Despite the workload, she speaks enthusiastically of her new job. She settled in quickly and made rapid strides to accomplish her goals.
But those cardboard boxes probably contain memories of a very different beginning, when she arrived at Harvard and PBH more than eight years ago.
Her first year as associate dean seems tame compared with the volatile situation Kidd originally encountered, when she was installed as head of public service in 1996.
Seven and a half years later, Dean of the College Benedict H. Gross ’71 named Kidd an acting associate dean after a dramatic restructuring of the College bureaucracy last spring.
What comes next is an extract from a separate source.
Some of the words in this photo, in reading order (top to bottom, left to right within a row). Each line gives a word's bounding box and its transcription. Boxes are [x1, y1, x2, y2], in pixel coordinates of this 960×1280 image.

In her temporary post, she remained director of PBH.
Then Kidd became a full-time dean in November, ceding the responsibilities of her initial Harvard position.
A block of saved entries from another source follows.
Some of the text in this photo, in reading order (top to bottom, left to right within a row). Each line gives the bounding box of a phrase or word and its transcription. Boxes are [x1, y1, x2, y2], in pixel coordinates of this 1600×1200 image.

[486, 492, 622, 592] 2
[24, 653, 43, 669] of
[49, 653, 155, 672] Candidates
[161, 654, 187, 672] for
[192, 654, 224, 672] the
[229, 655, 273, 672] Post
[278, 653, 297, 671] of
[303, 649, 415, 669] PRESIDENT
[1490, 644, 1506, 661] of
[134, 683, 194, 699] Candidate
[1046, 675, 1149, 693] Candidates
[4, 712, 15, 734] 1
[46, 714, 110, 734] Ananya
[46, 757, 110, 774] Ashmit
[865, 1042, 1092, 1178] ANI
Finally secure in her office in University Hall, Kidd has streamlined and clarified the procedures of the student activities office and looks ahead to institutionalizing change in the extracurricular system.
“This is the right job at the right time,” Kidd says. “I’m not going anywhere.”
A PERILOUS START
Kidd first came to Boston in the 1980s to take a job at Boston University. After a stint as manager of corporate contribution at Bank of Boston, she continued meshing business and public service. In 1992, she became vice president of development, and later acting co-chief operating officer, at a non-profit called CityYear. The organization seeks to bring together diverse groups of young adults for community service projects.
While there, Kidd established the fundraising department of the non-profit. “Judith was a consummate professional,” says Charlie Rose, vice president and dean of CityYear. “She really helped CityYear go from a start-up to building an institution.”
Kidd presided over an increase in the CityYear budget from $2.47 million to $14.55 million, due in part to a $7-million grant from the brand-new government Americorps program.
But as CityYear grew, its record-keeping practices lagged far behind. In 1995, accounting discrepancies led the government to recall $250,000 it had granted the program.
“The bookkeeping was totally inadequate,” says Kidd, who had to re-document all of the hours paid for by government funds.